Dirigido por Halder Gomes, C.I.C: Central de Inteligência Cearense é uma comédia popular brasileira que abraça o que pretende ser: uma sátira com potencial para ir além.
A parceria entre Halder Gomes e Edmilson Filho não é novidade. Juntos, já entregaram comédias que, mesmo sem fortes núcleos dramáticos, conquistam pelo humor leve e pela brasilidade pulsante, algo cada vez mais necessário no cinema nacional. Filmes como Cine Holliúdy (2012, Halder Gomes) e O Shaolin do Sertão (2016, Halder Gomes) já carregavam esse DNA, mas em C.I.C: Central de Inteligência Cearense o sentimento de pertencimento atinge um novo patamar, abrindo portas para um universo ainda maior.
Partindo da ideia de que o Brasil também merece seu próprio herói, assim como os EUA têm Batman ou Homem-Aranha, o filme mergulha na sátira do gênero de espionagem. Inspirado por produções como James Bond e paródias como Austin Powers – Um Agente Nada Discreto (1998, Jay Roach), assim, Halder constrói do zero não apenas o Agente Karkará, Edmilson Filho, mas toda uma mitologia que abrange o Brasil e a América Latina.

Edmilson Filho, Monique Hortolani e Nill Marcondes em cena de C.I.C: Central de Inteligência Cearense – Divulgação Paris Filmes
A trama acompanha Karkará, um agente secreto com braço biônico encarregado de recuperar um projeto ultra-secreto desenvolvido entre Brasil, Paraguai e Argentina, tão sigiloso que nem a própria agência sabe do que se trata. Essa premissa absurda conduz a narrativa por cenários vibrantes e personagens carismáticos, como o Espírito Santo, Nill Marcondes, e Cortez, o capanga tribiônico, André Segatti, todos paródias exageradas de arquétipos do gênero de espionagem, com direito à cicatrizes e animais felpudos que o vilão acaricia, porém, com um toque único graças à direção afiada de Halder Gomes.
Visualmente, o filme abraça um estilo próximo ao de desenhos animados como Animaniacs (1993): gags em sequência, som não diegético que leva a efeitos cômicos, cortes rápidos e até variações de frames por segundo nas cenas de luta, criando uma fluidez cartunesca e extremamente rápida, algo necessário em uma produção ousada, e gravada em somente 30 dias.

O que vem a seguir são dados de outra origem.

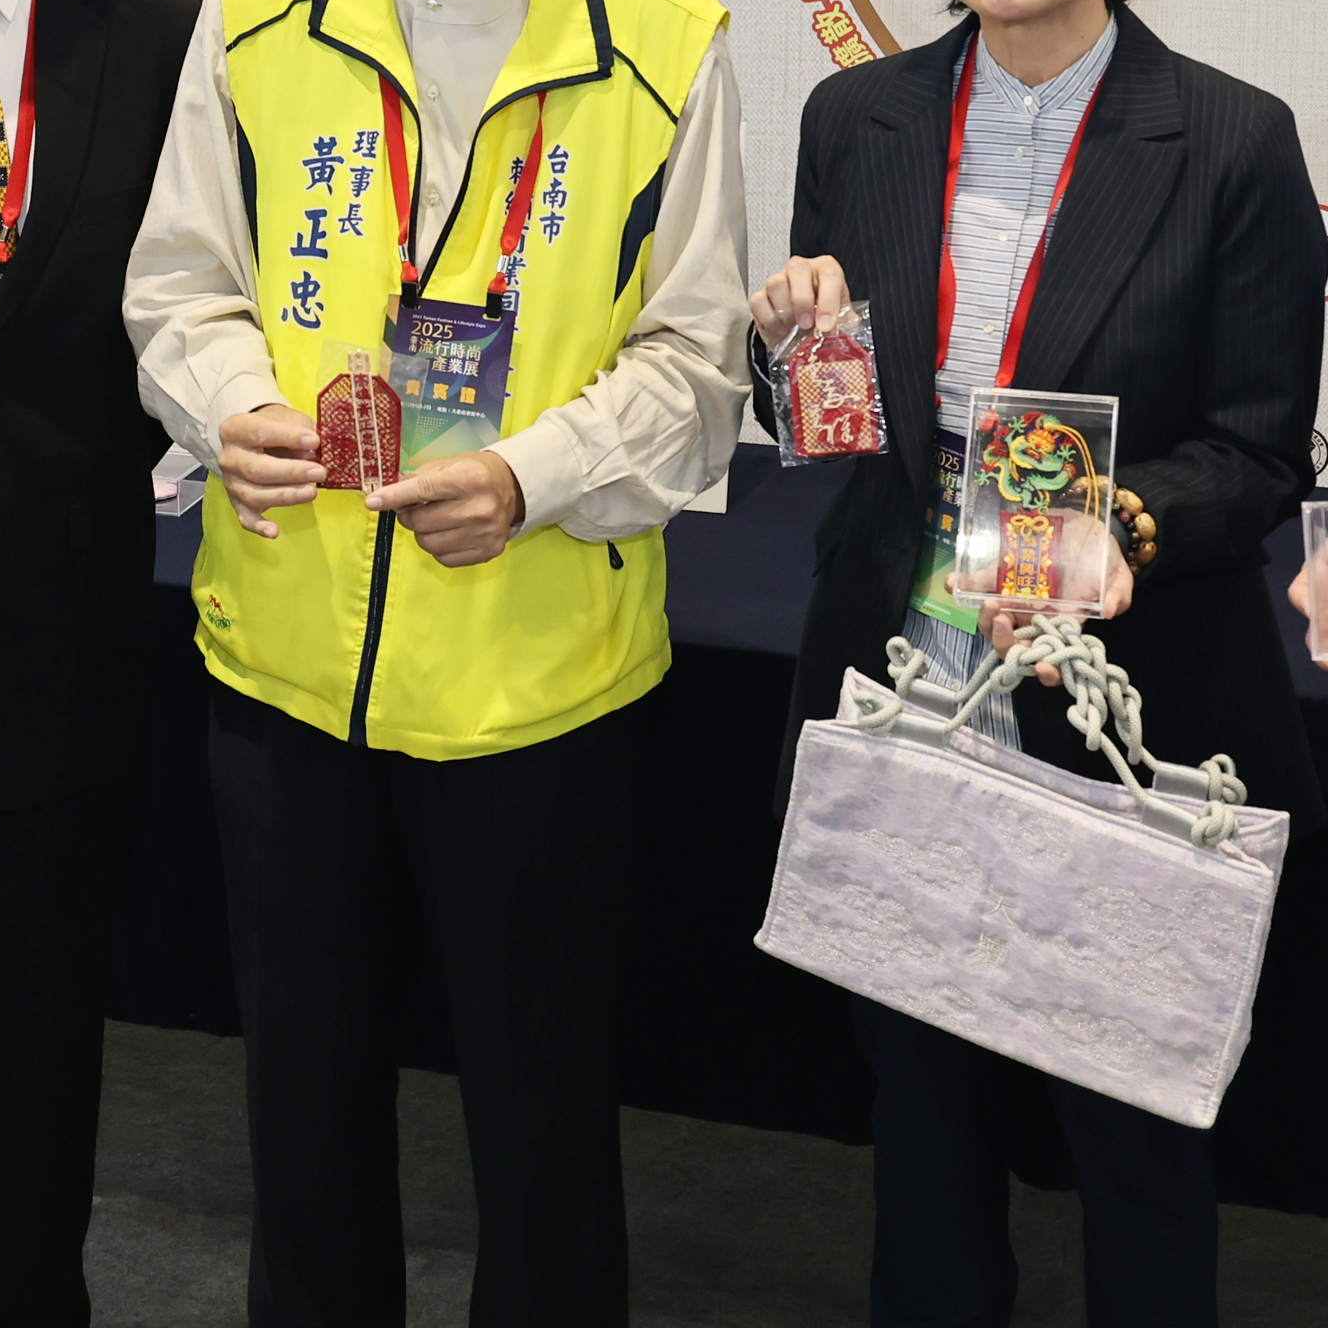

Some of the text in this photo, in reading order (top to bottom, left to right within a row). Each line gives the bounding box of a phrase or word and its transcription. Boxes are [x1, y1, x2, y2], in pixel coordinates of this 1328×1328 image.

[338, 129, 381, 238] 理事長
[538, 143, 571, 245] 台南市
[280, 135, 346, 330] 黃正忠
[411, 321, 453, 339] 2025
[419, 338, 482, 362] 流行時尚
[432, 356, 479, 377] 產業展
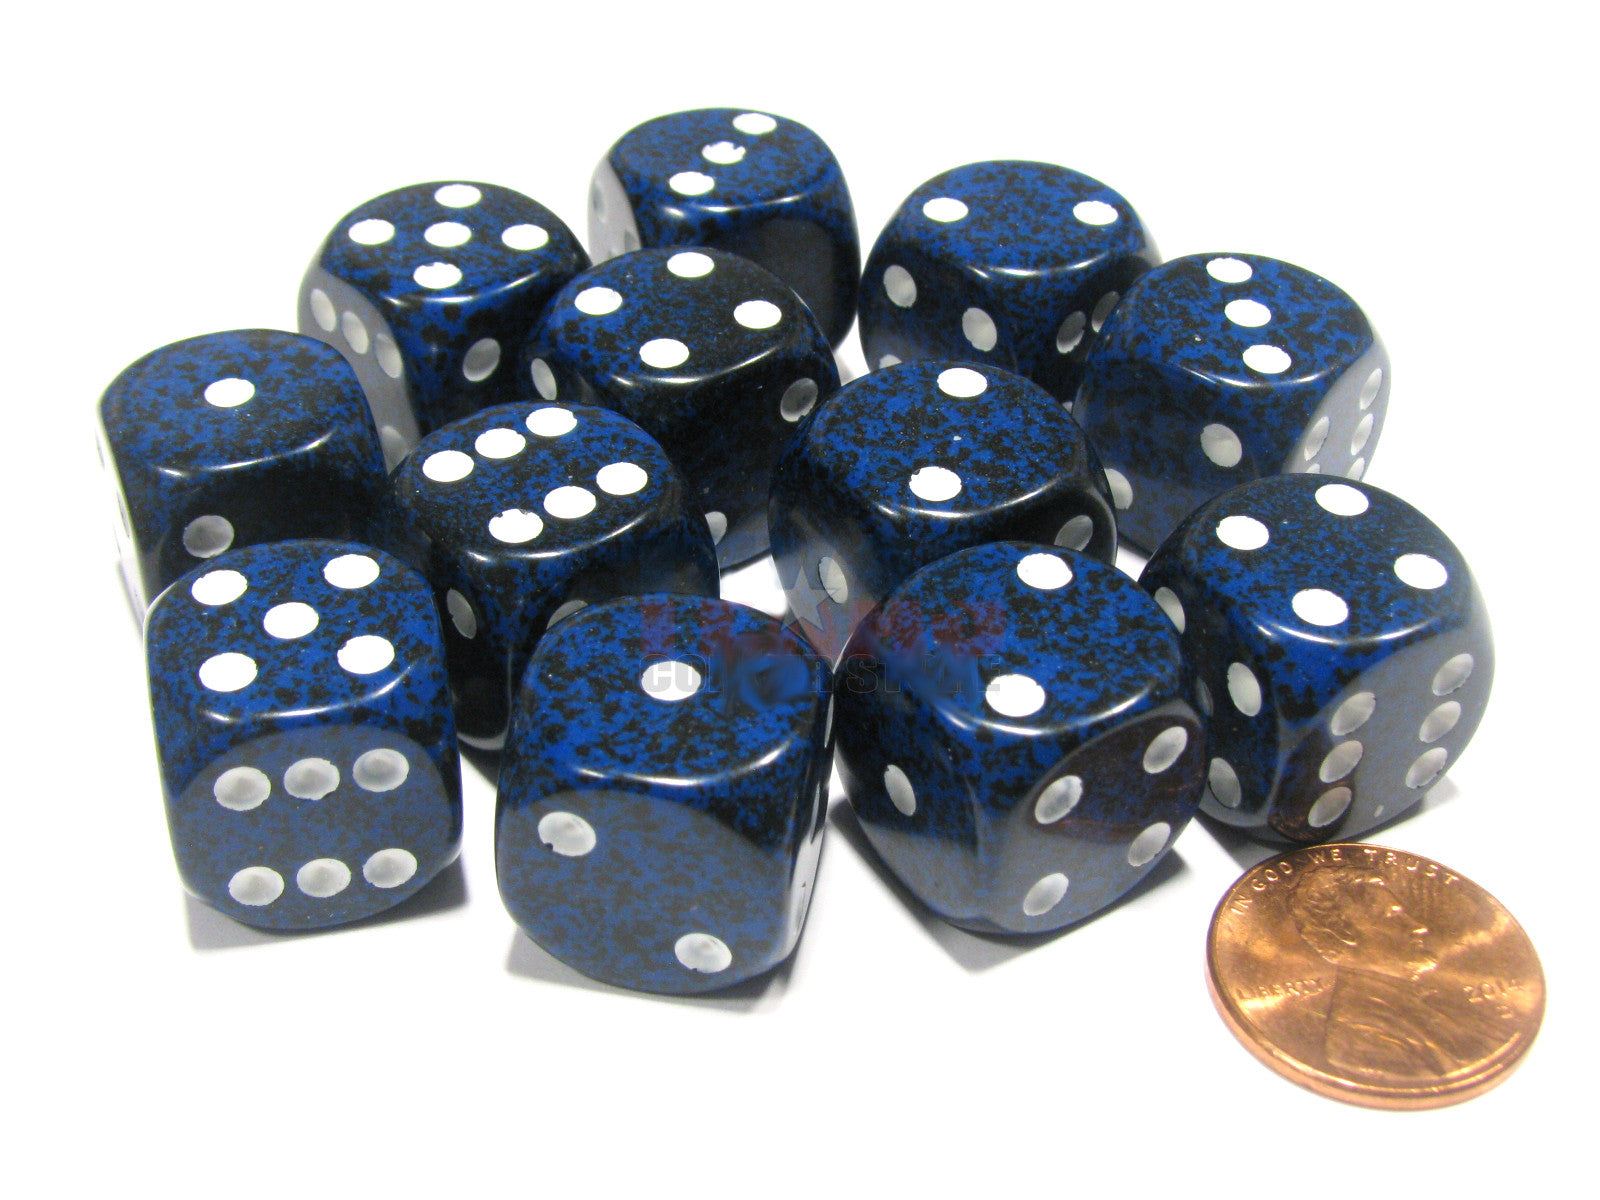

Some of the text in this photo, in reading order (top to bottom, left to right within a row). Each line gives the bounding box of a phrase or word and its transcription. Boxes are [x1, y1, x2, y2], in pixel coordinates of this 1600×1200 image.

[1230, 848, 1459, 915] IN GOD WE TRUST
[1237, 978, 1323, 1001] LIBERTY
[1462, 979, 1526, 1003] 2014
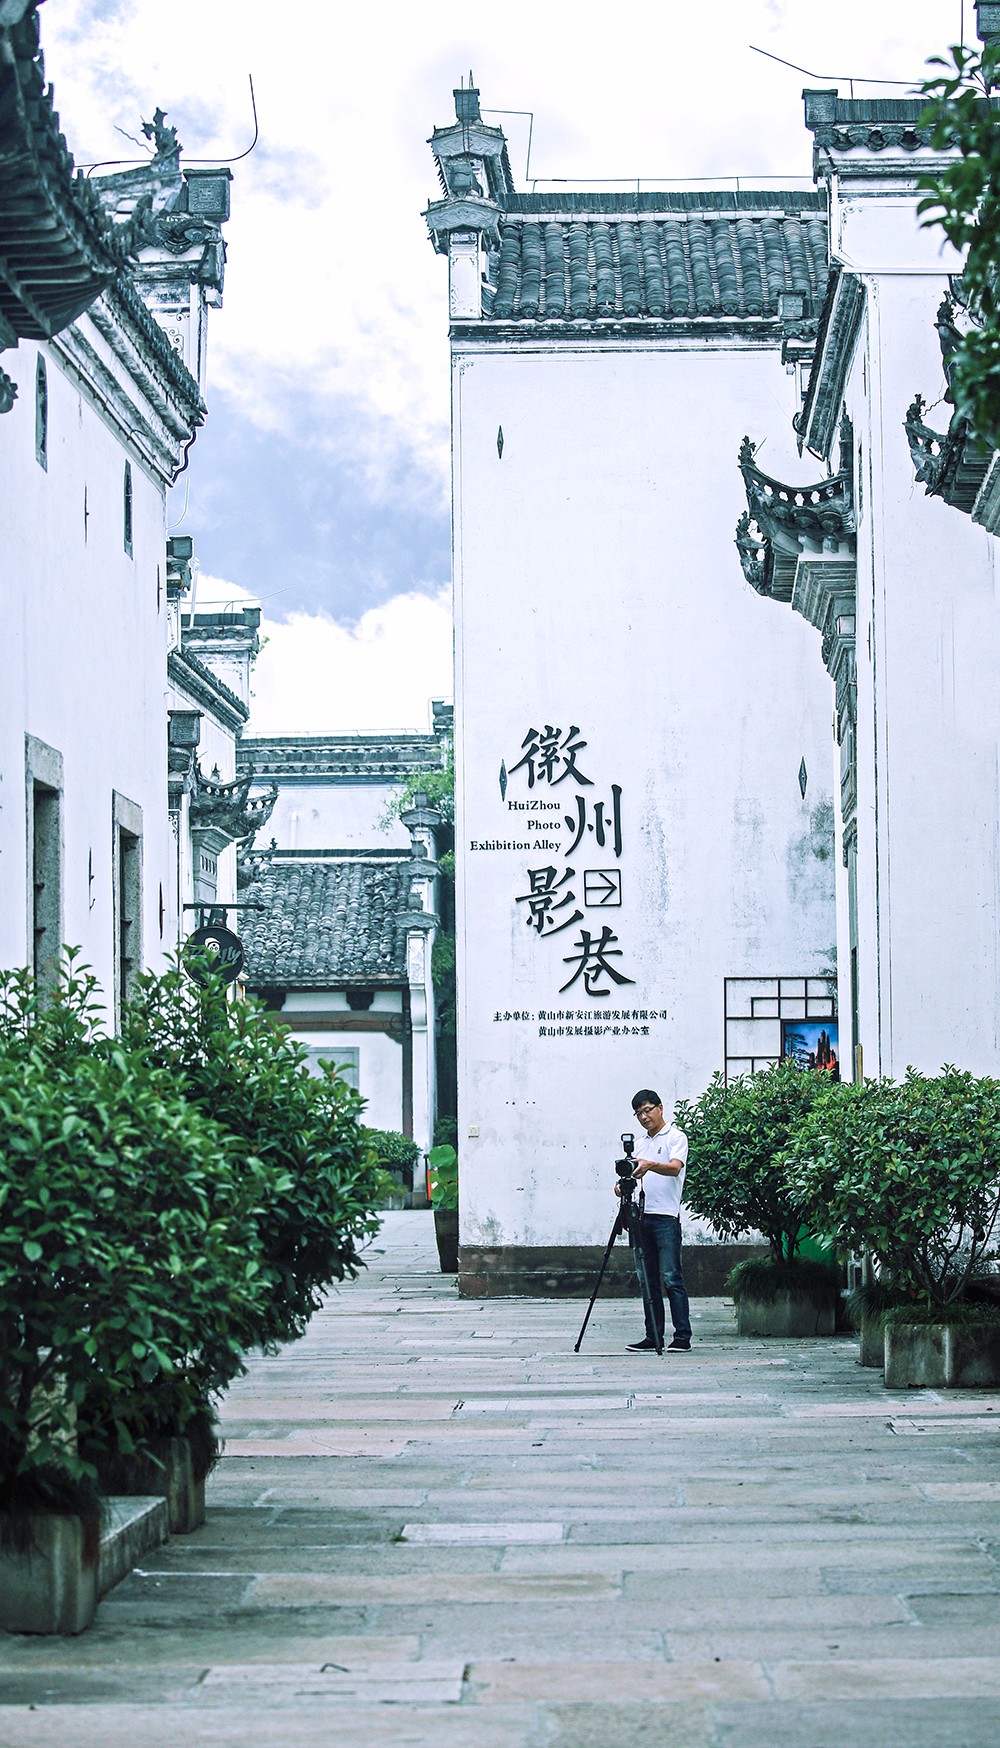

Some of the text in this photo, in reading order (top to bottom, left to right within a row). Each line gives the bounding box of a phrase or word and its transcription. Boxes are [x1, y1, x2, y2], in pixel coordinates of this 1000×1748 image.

O enredo segue uma lógica simples, acontecimento A leva a B, que leva a C, até desembocar num final heróico e bem-humorado. Apesar da diversão garantida, a produção não deixa marcas emocionais profundas, algo que pode vir a ser explorado em futuras sequências.
O ponto fraco, quando inevitavelmente comparado a outros filmes semelhantes, é a ausência de um núcleo dramático sólido. Mesmo produções cômicas como Austin Powers mantinham uma linha emocional que ancorava a trama, e os recentes James Bond de Daniel Craig exploravam dramas pessoais que davam peso à narrativa. Aqui, a tentativa de criar algo semelhante, a origem de Karkará envolvendo um burro mutante que arranca seu braço, ou a história pregressa de Micaela, não conseguem atingir o mesmo impacto. Ao final, C.I.C: Central de Inteligência Cearense se destaca por meio de personagens carismáticos, interpretados por atores que caíram maravilhosamente no papel, mas que carecem de conflitos internos que os tornem dignos de lembrança, e não somente alívio cômico.

Edmilson Filho e Gustavo Falcão em cena de C.I.C: Central de Inteligência Cearense – Divulgação Paris Filmes
Ainda assim, o grande trunfo de C.I.C está na brasilidade que injeta dentro deste cenário absurdo, e destes personagens malucos. Cada piada, cada expressão nordestina, cada interação de Karkará com personagens latinos, carrega um DNA cultural que aproxima a audiência de forma maior do que qualquer produção estrangeira conseguiria. E isso, por si só, é uma vitória significativa para o cinema nacional, e para o público como um todo.
Distribuído pela Paris Filmes, C.I.C: Central de Inteligência Cearense estreia em 28 de agosto de 2025, em cinemas de todo o país.